The straw man fallacy is a classic. You might have heard it mentioned in casual conversation before. It’s when someone misrepresents an opposing argument, making it easier to defeat. For example, a nutritionist might argue that fried food is bad for you. An objector might then say, “That’s absurd. Everyone needs food to survive. Frying food is a perfectly valid way to prepare it. You wouldn’t want uncooked raw meat, would you?”
This is a fallacy. The nutritionist never said people should go hungry, that frying food is an invalid method of preparation, or that meat would be better raw. He just said fried food is unhealthy, which is true. So… who is the objector arguing with? He’s arguing with a straw man, someone who doesn’t exist—a man who hates fried food so irrationally that he’s willing to condemn it at any cost, even if that means people starve to death.
It’s much easier to win an argument against a make-believe nutjob than the real person sitting in the room with you. This is why the straw man fallacy is so popular. Everyone wants to be the noble knight defeating the evil dragon. But you can’t do that without a dragon, so what happens when there is no dragon? You have to make one up.
Tilting at Windmills
The famous novel Don Quixote comes to mind. In it, we see a man who longs to be a knight in shining armor in a time when such things are antiquated. But he doesn’t care. He decides he’s going to be a knight anyways, imagining windmills as towering giants he must defeat.
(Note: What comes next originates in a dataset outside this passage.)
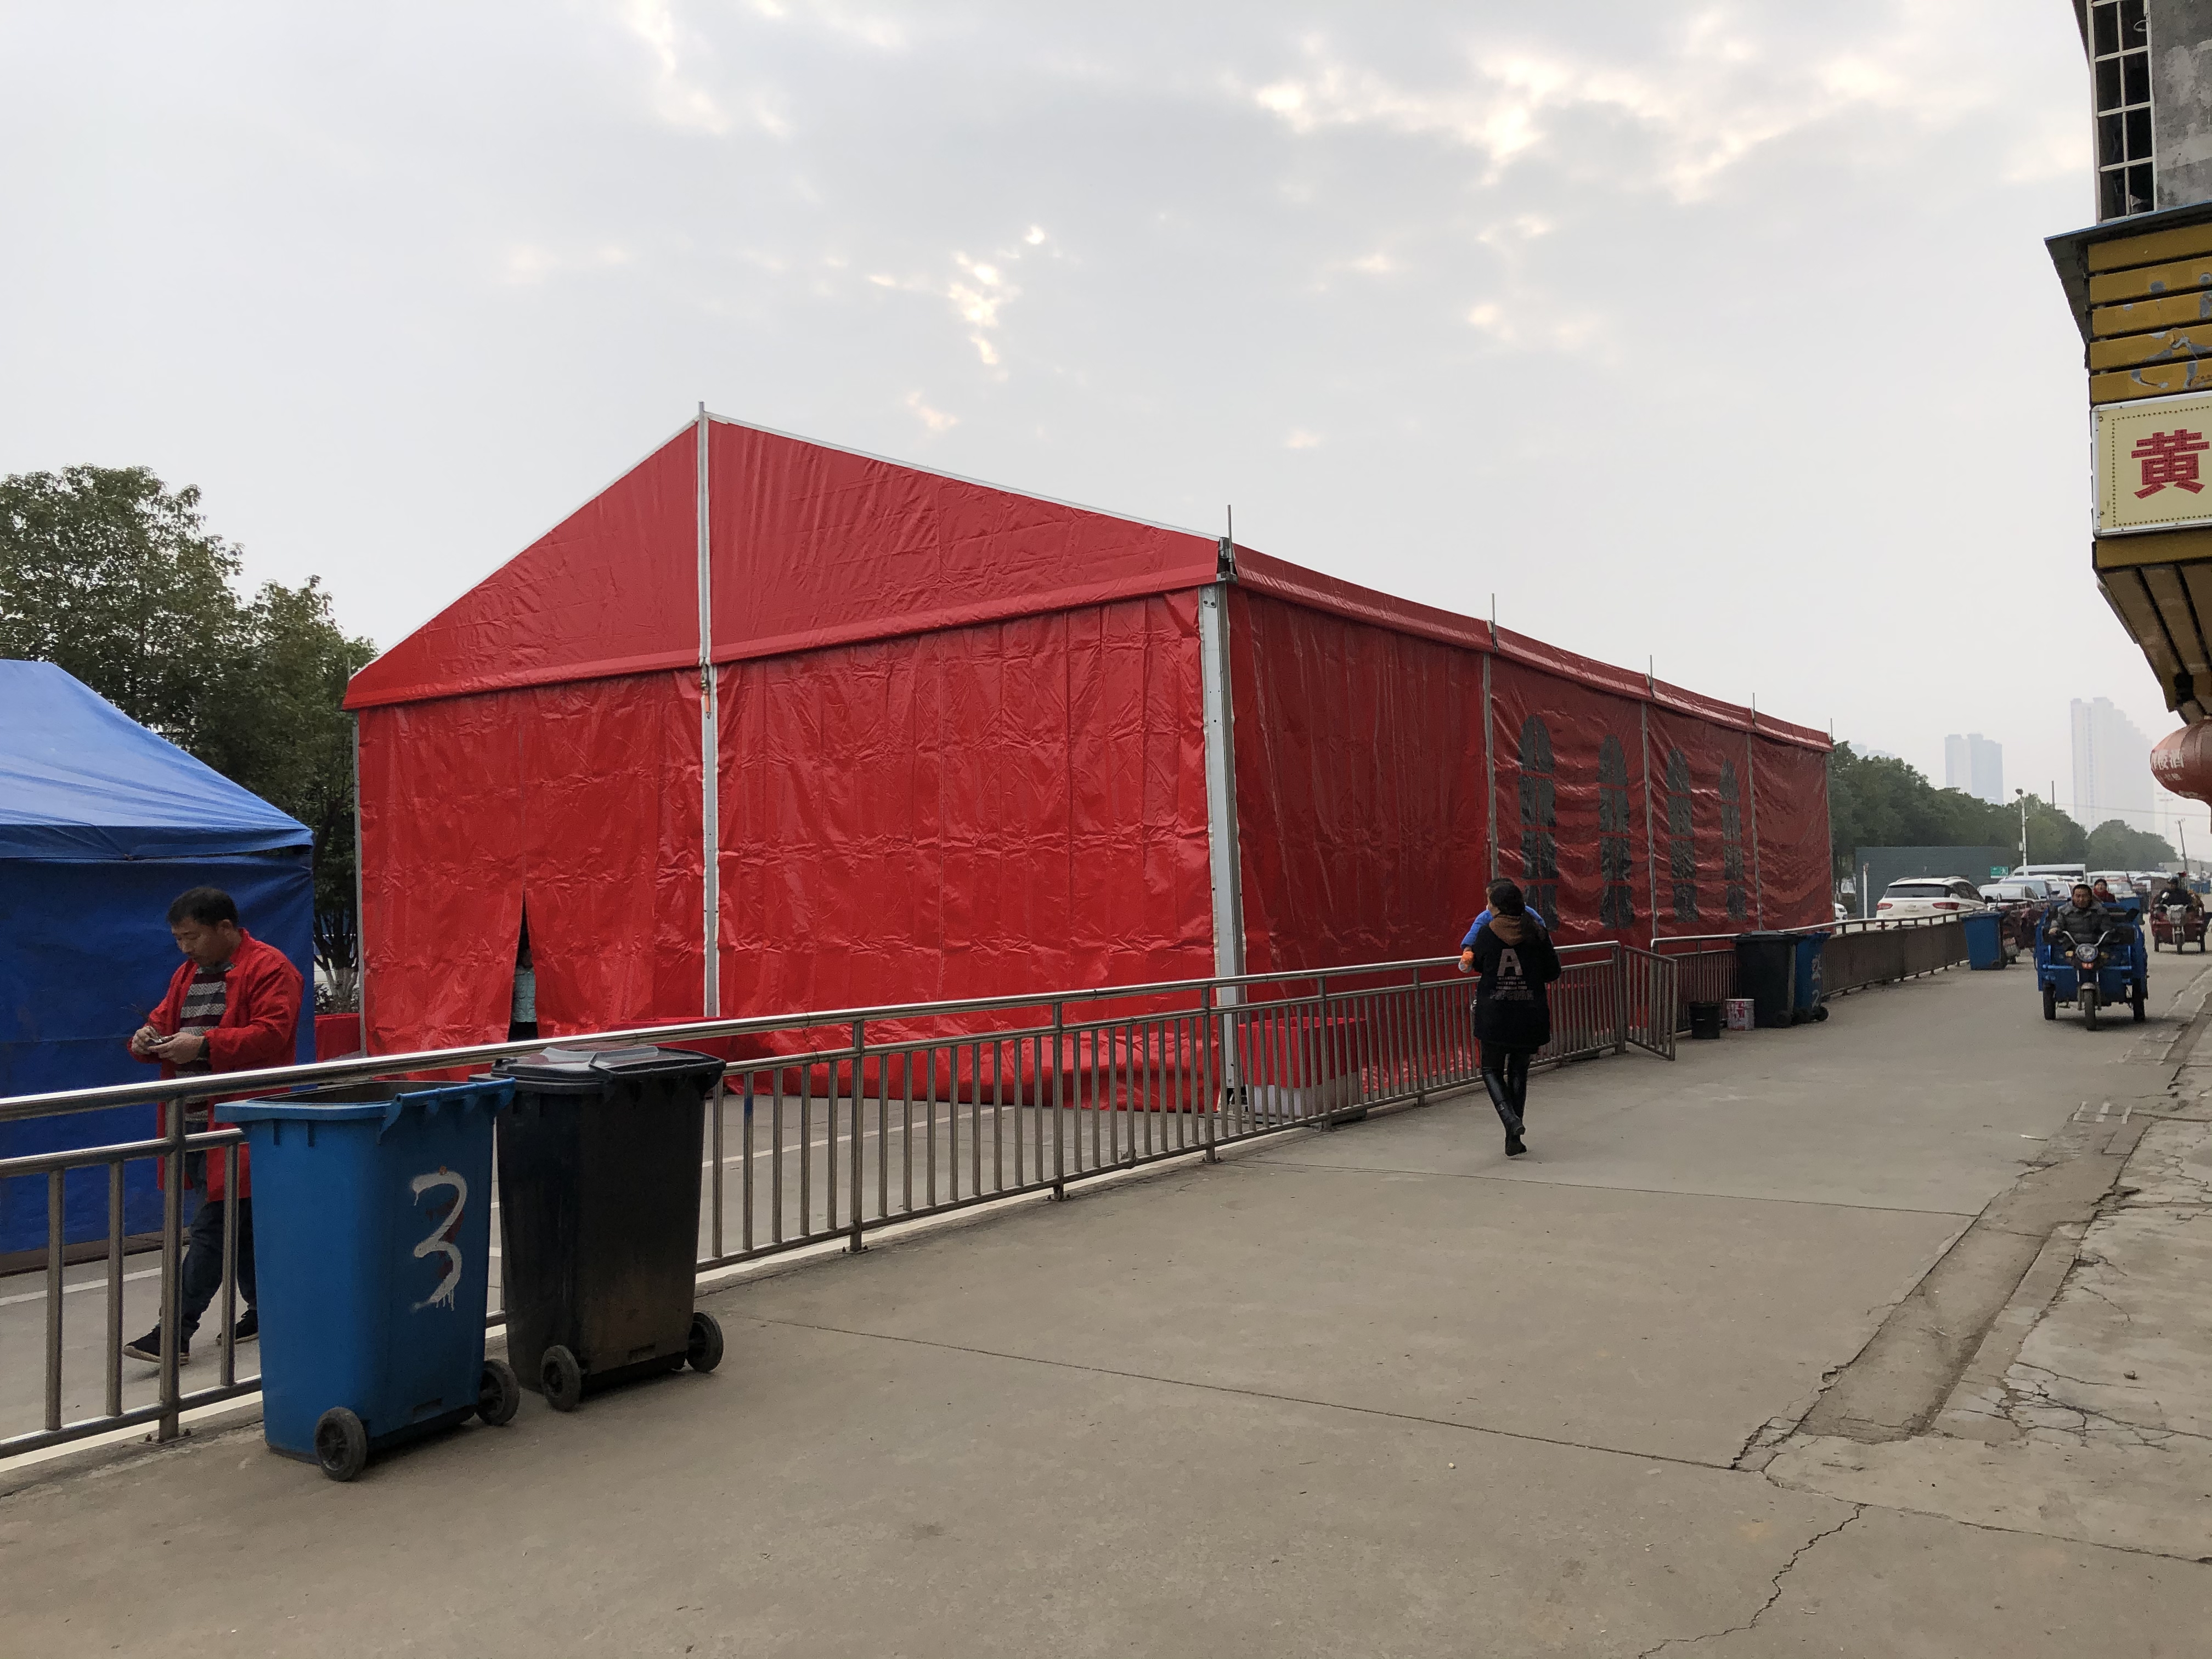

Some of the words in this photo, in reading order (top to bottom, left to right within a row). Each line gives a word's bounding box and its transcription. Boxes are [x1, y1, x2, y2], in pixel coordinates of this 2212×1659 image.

[2131, 429, 2210, 499] 黄
[1497, 949, 1523, 977] A
[411, 1171, 467, 1311] 3
When we imagine our opponents as worse than they are, we become unnecessarily antagonistic towards them. We falsely attribute evils upon them so we can show others that they are wrong and we are right. But life isn’t black and white. Life is full of nuance and humans are complicated creatures.
This reminds me of the ninth commandment:
“You shall not bear false witness against your neighbor.”Exodus 20:16 (ESV)
Most of us think this means, “Don’t lie.” That’s true, but it means even more. Condemning someone for a position they don’t hold (by using a straw man) is a form of bearing false witness. You’re misrepresenting them to onlookers and purposefully ignoring the truth (the nuance of their actual position) so you can get the outcome you want and win the argument. It’s dishonest and manipulative.
The obvious example of the straw man fallacy is the discourse surrounding modern-day politics. Invariably, you see both sides go at each other’s throats with the most ridiculous straw men imaginable regardless of the conversation at hand. The media pushes this dichotomy constantly.
To liberals, anyone who voted for Trump is a deranged, hateful, racist, sexist idiot who wants to let schoolchildren be shot to death, steal elections and taxpayer dollars to feed corrupt right-wingers, take away all social programs and civil rights protections, and gleefully kill LGBTQ people in cold blood.
To conservatives, anyone who voted for Biden is an unhinged sexual deviant who wants to pervert and manipulate children, steal elections and taxpayer dollars to feed corrupt leftists, take away all of our constitutional rights, and gleefully kill babies in cold blood.
Have you noticed that it’s rare to find anyone like this in the real world? Sure, they definitely exist. But more often, you get people with a unique mix of ideas. Some will be taken from friends, family, or personal experiences. Others are copied from TV and social media. Still others are original perspectives (Who would have thought?). But everyone is a person created in the image of God with their own view of the world. It’s important that we not lose sight of the human (who isn’t made of straw) in the midst of the outrage, no matter how justified.
“With his mouth the godless man would destroy his neighbor, but by knowledge the righteous are delivered.”Proverbs 11:9 (ESV)
How Straw Men Are Made
I think it’s worth asking where these straw men come from. They don’t really exist until we invent them. We find ourselves at odds with a person or idea we refuse to deal with honestly, so we conjure these straw men from our own imagination, puppet them around, and use them to slander people. Where does that leave us?
“A good person produces good out of the good stored up in his heart. An evil person produces evil out of the evil stored up in his heart, for his mouth speaks from the overflow of the heart.”Luke 6:45 (CSB)
Jesus makes it clear that we are solely responsible for that which comes out of us. The words and actions we express are the sloshes of water that leap from the edges of the barrel of our heart, filled to the brim with our very souls. We should not take it lightly. We will be held accountable.
“I tell you, on the day of judgment people will give account for every careless word they speak, for by your words you will be justified, and by your words you will be condemned.”Matthew 12:36-37 (ESV)
So be careful what you say to make sure it’s the truth. It doesn’t matter if you’re quoting an enemy or a brother. Bear faithful witness to their actual argument so you can address it properly. A man who can’t even bear to repeat something accurately is hopeless to defend the truth with his character, much less his speech.